DIRECTIONS FOR THIS TASK:
In the copy, include every entry exactly but none of the pictures.

(Stored data entries)
=== Begin Enclosure ===

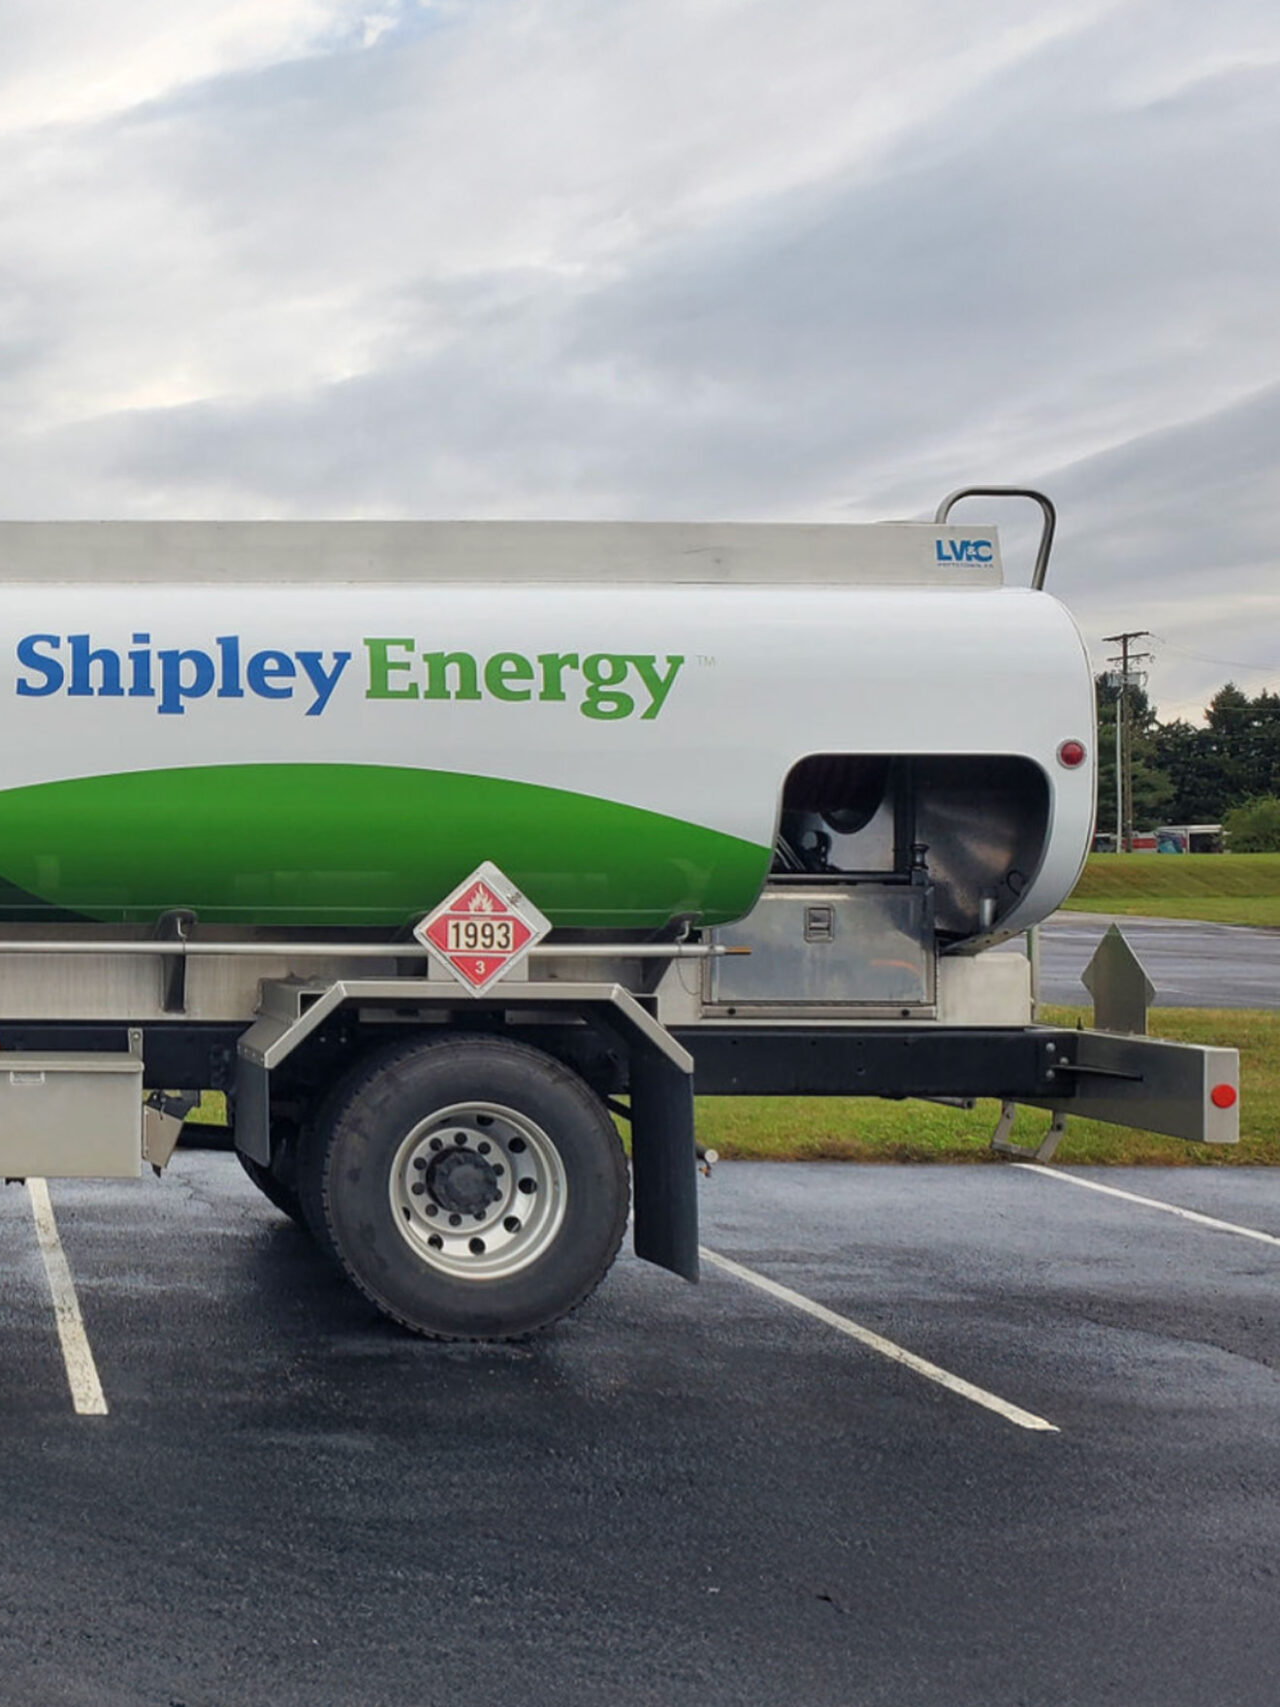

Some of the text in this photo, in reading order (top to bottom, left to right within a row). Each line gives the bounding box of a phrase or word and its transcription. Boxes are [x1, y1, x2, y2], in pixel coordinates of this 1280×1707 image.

[16, 632, 352, 716] Shipley
[363, 637, 685, 720] Energy
[451, 922, 511, 949] 1993
[475, 960, 485, 974] 3
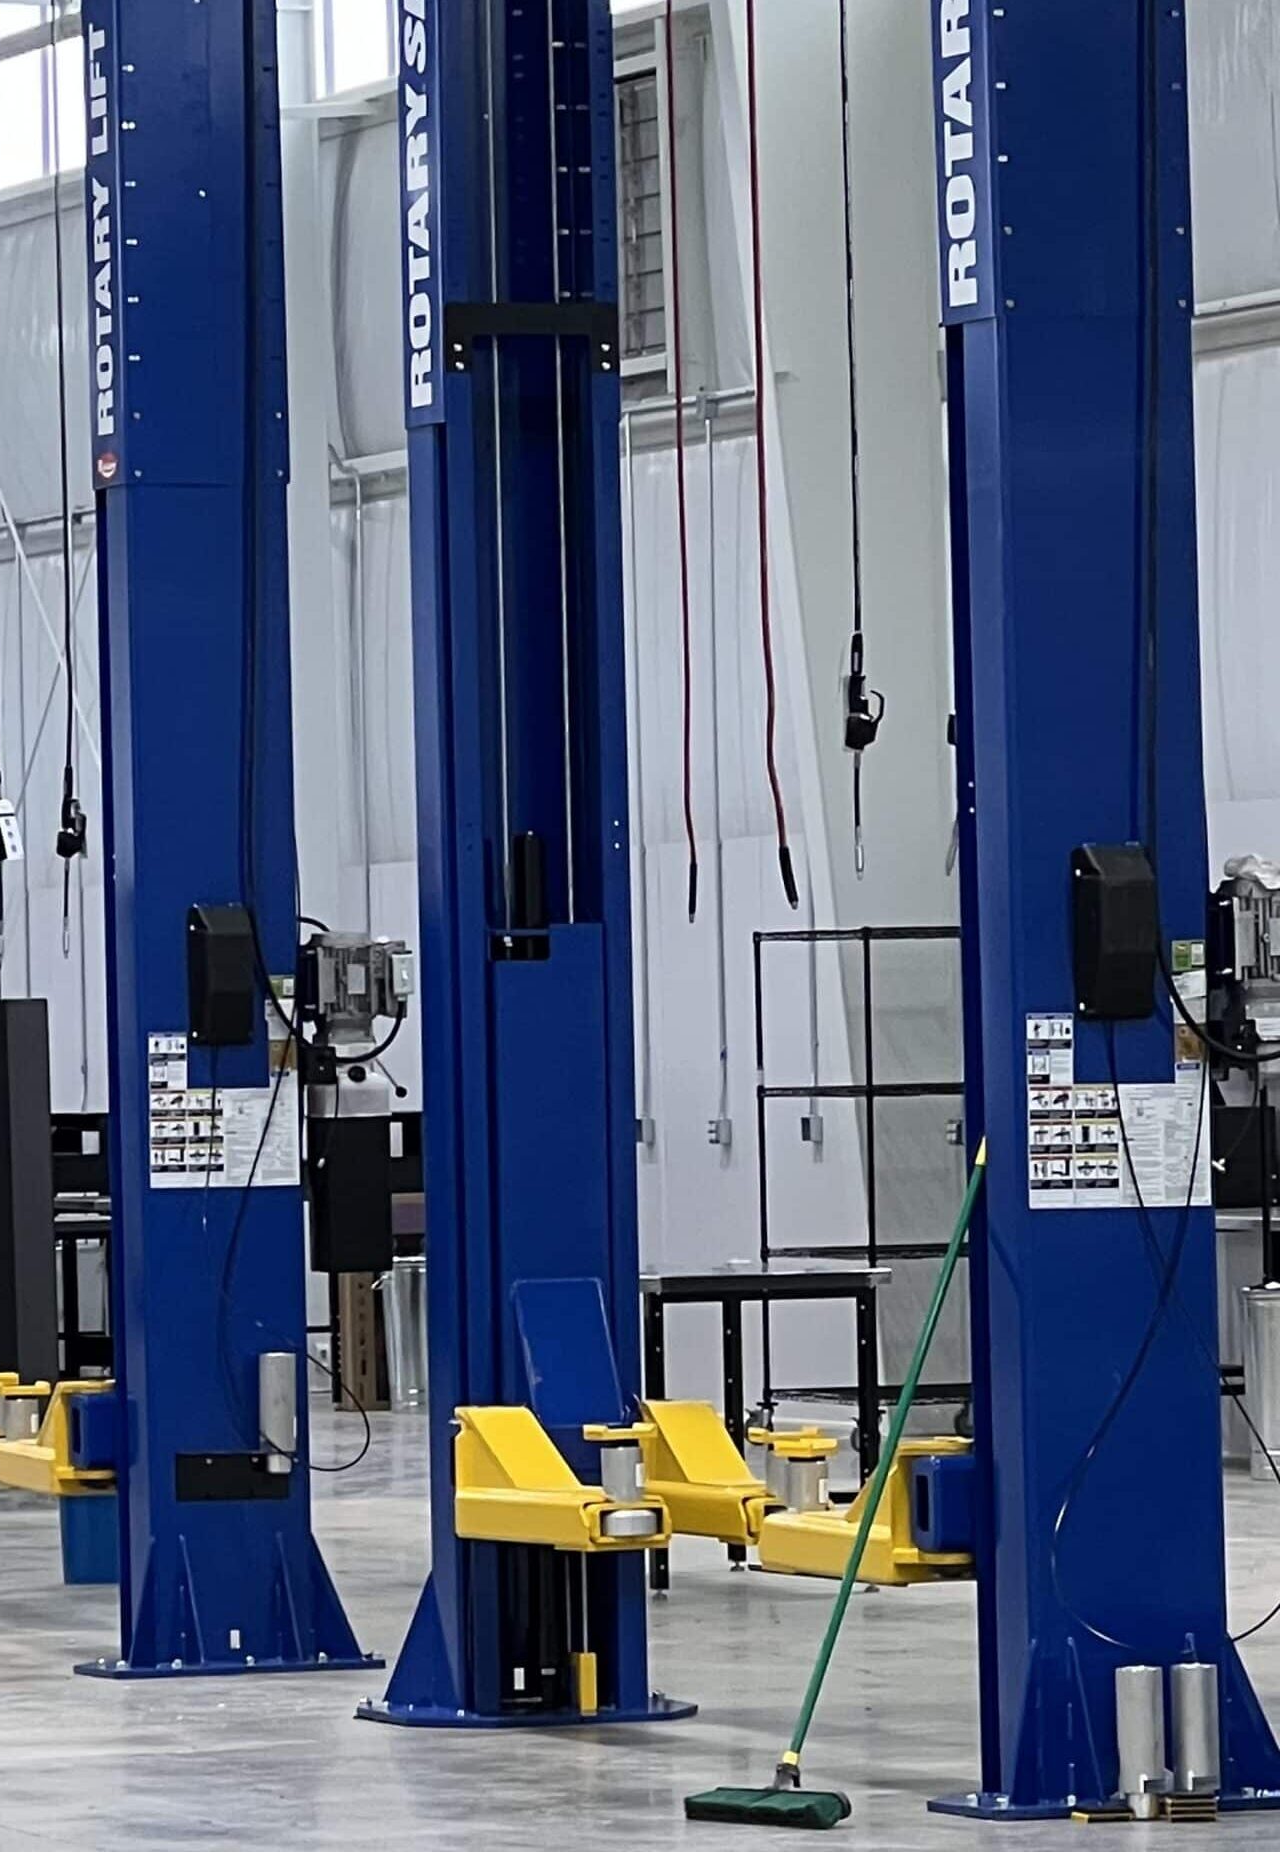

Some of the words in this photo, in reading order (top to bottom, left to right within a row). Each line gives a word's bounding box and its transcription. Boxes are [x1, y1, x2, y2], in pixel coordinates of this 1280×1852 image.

=== End Enclosure ===

TASK SOLUTION:
Some of the text in this photo, in reading order (top to bottom, left to right within a row). Each line gives the bounding box of a phrase or word and its transcription. Boxes are [x1, y1, x2, y2], in pixel coordinates of this 1280×1707 image.

[16, 632, 352, 716] Shipley
[363, 637, 685, 720] Energy
[451, 922, 511, 949] 1993
[475, 960, 485, 974] 3

Some of the words in this photo, in reading order (top to bottom, left to right within a row). Each line gives a word's bounding box and its transcription. Boxes are [x1, y1, x2, y2], in pixel coordinates of this 1280×1852 image.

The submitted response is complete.